ABSTRACT

This paper examines Rudyard Kipling’s fictional representations of colonial experiences that are fraught with the problematic of shared cultures and divided politics, in texts that negotiate between the play of the hidden and the seen. Adopting masks, disguises, and poses, his self-divided colonial actors foray beyond the margins into ‘native’ territory and delight in illicit encounters with the anti-self of Empire. Kipling’s early oeuvre compellingly foregrounds its own unconscious ideological fractures and deepest transcultural yearnings.

In a bid to read this cultural mixing through the lens of transgression, my paper re-examines these texts that reveal a desire toward cultural crossover into territory ‘officially’ forbidden to the coloniser. Needless to say, this ‘desire’ is under pressure, hence expressed subliminally since overt conservatism haunts these narratives with the intractability of the native territory and a ‘colonial terror’ of the spectral ‘other’.

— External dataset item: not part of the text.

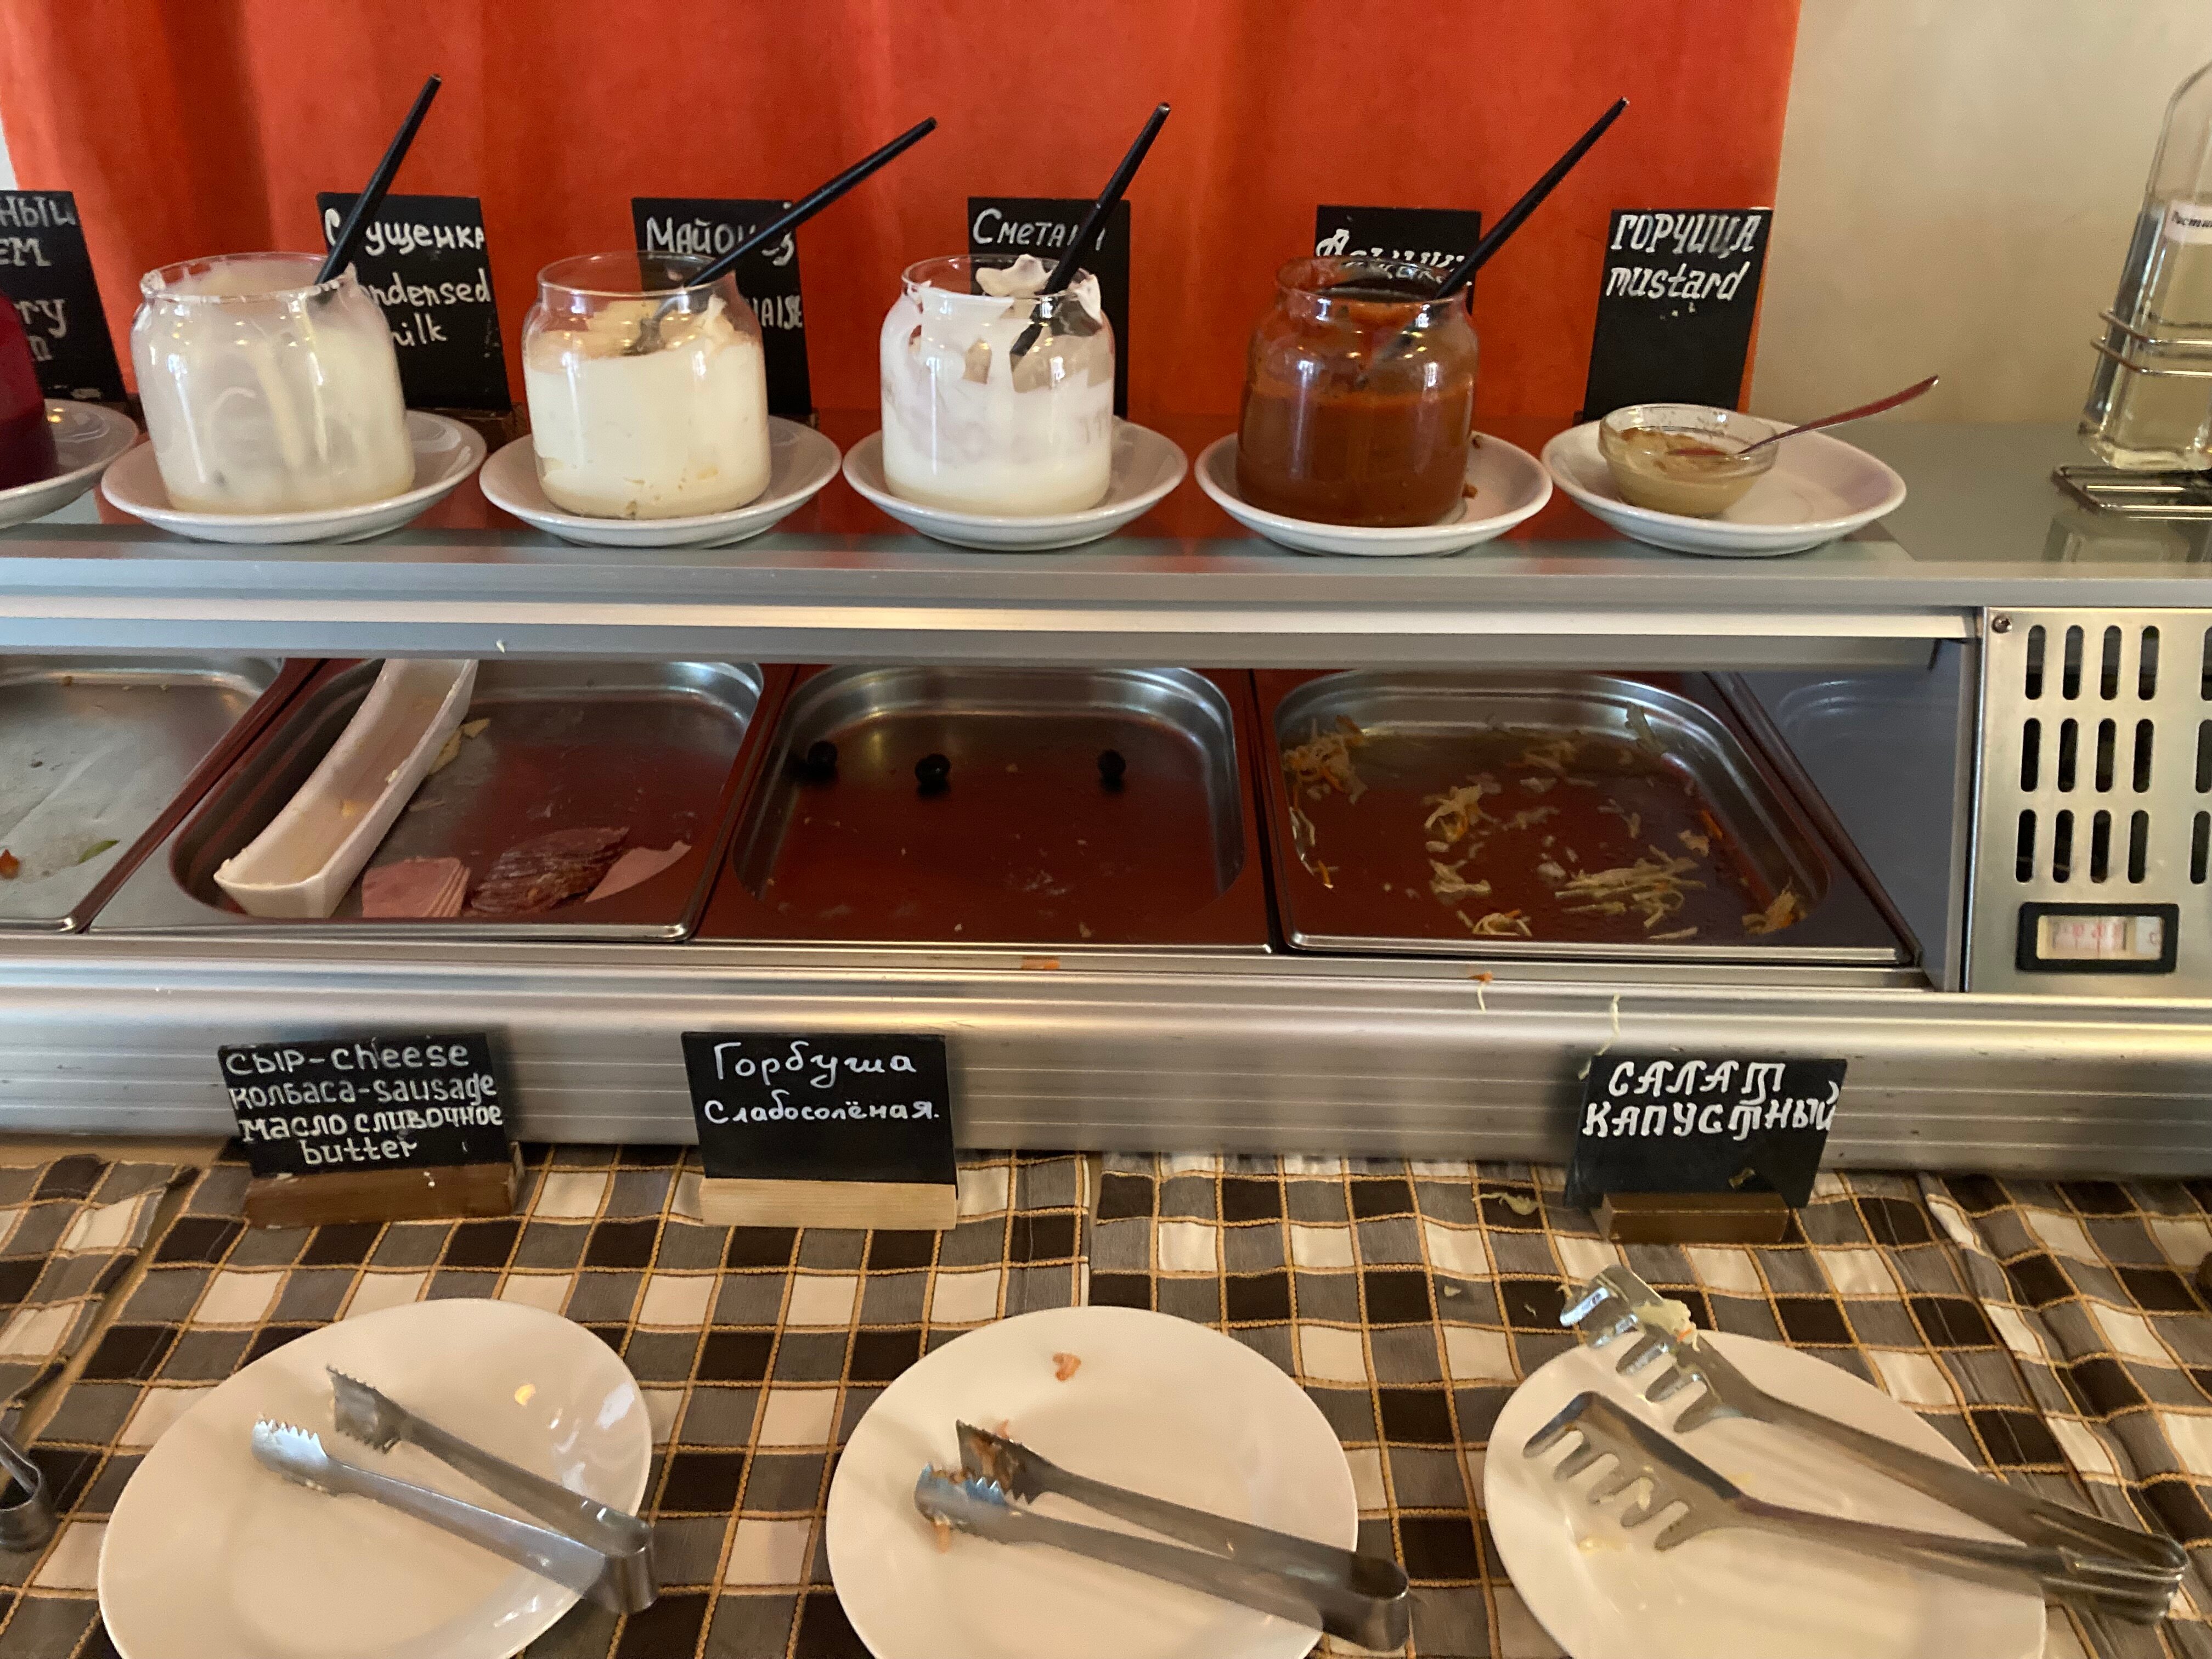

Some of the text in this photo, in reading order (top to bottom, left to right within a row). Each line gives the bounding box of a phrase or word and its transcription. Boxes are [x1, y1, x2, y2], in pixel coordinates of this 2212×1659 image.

My paper argues that this affective urge ruptures the discourse of authority while the texts deploy an ‘alter-native’, pluralistic discourse. The writer sanctions centre-stage presence to the perspective of the colonised entities in several stories like ‘Tods’ Amendment’, ‘Dray Wara Yow Dee’, ‘At Howli Thana’, ‘Gemini’, ‘In Flood Time’, and ‘The Gate of the Hundred Sorrows’. This plural discourse not only incorporates but also embraces and celebrates cultural difference through representations of a shadowy, outlawed world existing on the sub-cultural margins of officially administrable territory, inhabited by morally slippery derelicts, inebriates, and addicts. These multiple subjectivities suggest a desire to abjure cultural limits and dwell in hybrid promiscuity. As postcolonial readers we suspect that Kipling is caught between his affective desire to assert a relationship with those spiritual and physical aspects of India that energise him and the colonised historicity of the same culture that he both condescends to and despises.